勤め先の学校では学年末を迎え、オンライン授業などコロナ禍対応に明け暮れた今年度の総括を報告書にまとめているところです。書きながらこの一年を反芻していますが、日本の学生さんたち同様、外国人留学生にとっても明らかに負の影響が大きかったのではないかと思わざるを得ません。異国で一人パソコンやスマホに向かって学び続け、夏休みや年末年始に帰郷もできなかった……。その寂しさは想像するに余りあります。特に優秀な学生ほど「私は、一体ここで、何をしてるんだろう」と思ったみたい。

なかには、Zoomなどによるオンライン授業でしか学生と教師が接しない科目というものもあり、そのうちでも特に非常勤講師の先生方と学生との間に、相互信頼関係が構築されないまま一年が過ぎてしまったという事例もありました。専任や常勤の講師はまだ色々なチャンネルで学生とつながっており、時には登校日なども設けて直接の対話をしたり、相談に乗ったり、いろいろな
コミュニケーションが図られていたのですが、一部の非常勤の先生方はそういう「雰囲気」を醸成するチャンスなしに学生と向き合ってきたのです。そのため、教師の指導方法について疑問を呈したり、定期試験の採点基準について疑義を差し挟む学生が例年よりも有意に多かったように思います。

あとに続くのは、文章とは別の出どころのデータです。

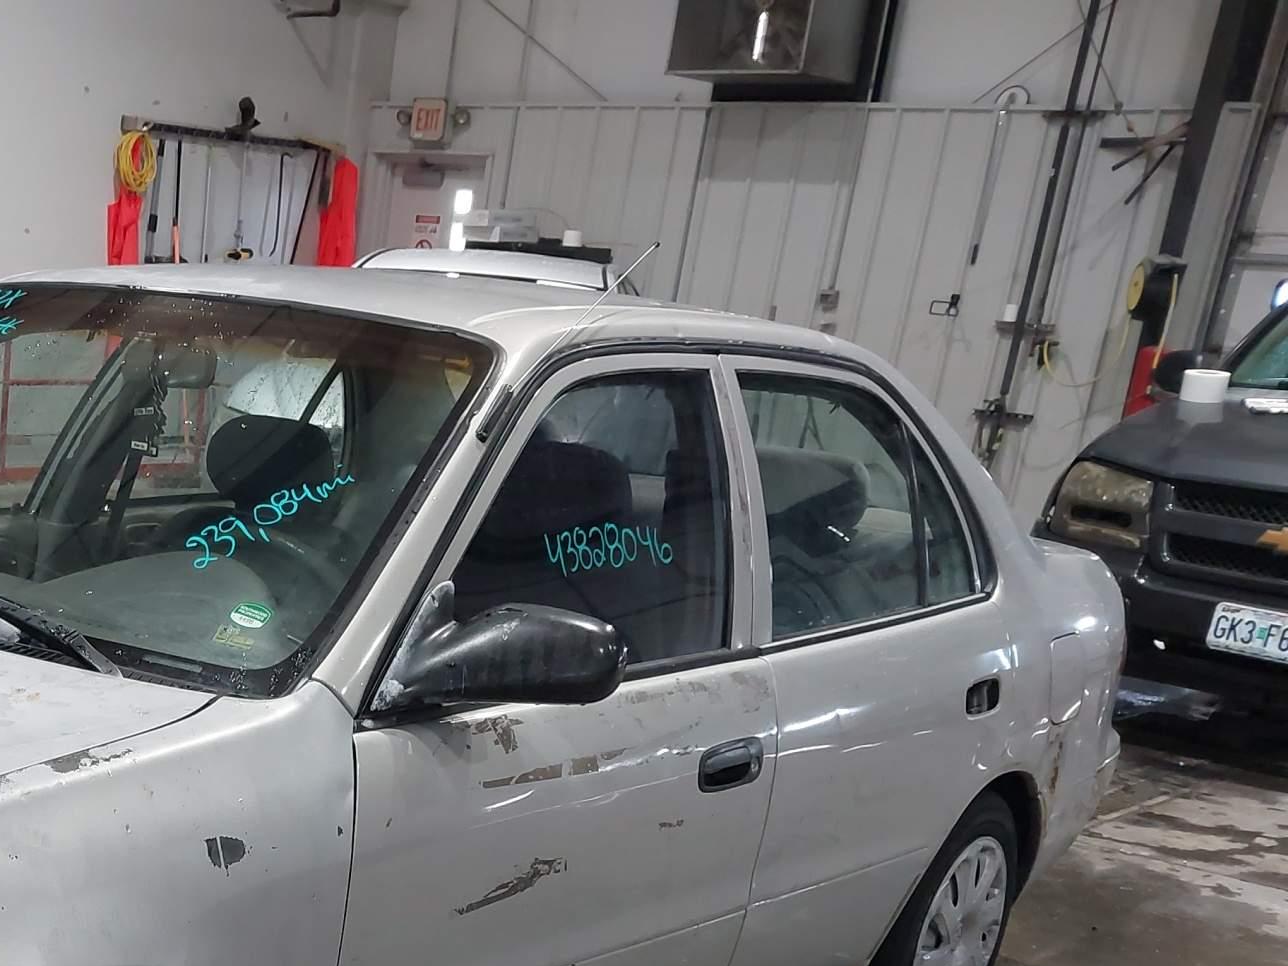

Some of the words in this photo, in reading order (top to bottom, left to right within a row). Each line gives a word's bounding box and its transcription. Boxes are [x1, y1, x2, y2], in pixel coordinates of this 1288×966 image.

[416, 108, 440, 131] EXIT
[543, 522, 673, 577] 43828046
[1213, 614, 1257, 645] GK3

オンライン授業でも、やり方によってはゆたかなコミュニケーションを作り出すことはできると思いますが、そこはそれ、教師の方も初めての体験だったわけで、どうしても「痒いところに手が届かない」小さな局面が生まれます。そうした小さな局面が積もり積もって不信を育てて来てしまった……。これは一部の先生を管理する立場にある私にとっても、大きな反省点です。

もちろんすべての非常勤講師のオンライン授業に毎回つきあって「監督」することもできませんから、ある程度のコミュニケーションの齟齬は避けられないとは思うのですが、それにしても単に授業をオンライン化することにとどまらず、対面授業とはまた違った形の、それもメンタル面でのフォローなりケアなりがかなり重要なのだと、遅ればせながら気づいた次第。学生にも講師の先生方にも、申し訳ない気持ちです。

感染状況の進展によって、来年度の授業がどうなるかはいまのところまだわかりませんが、少なくとも今年の轍は踏まないようにしたい。そう思って総括を書いています。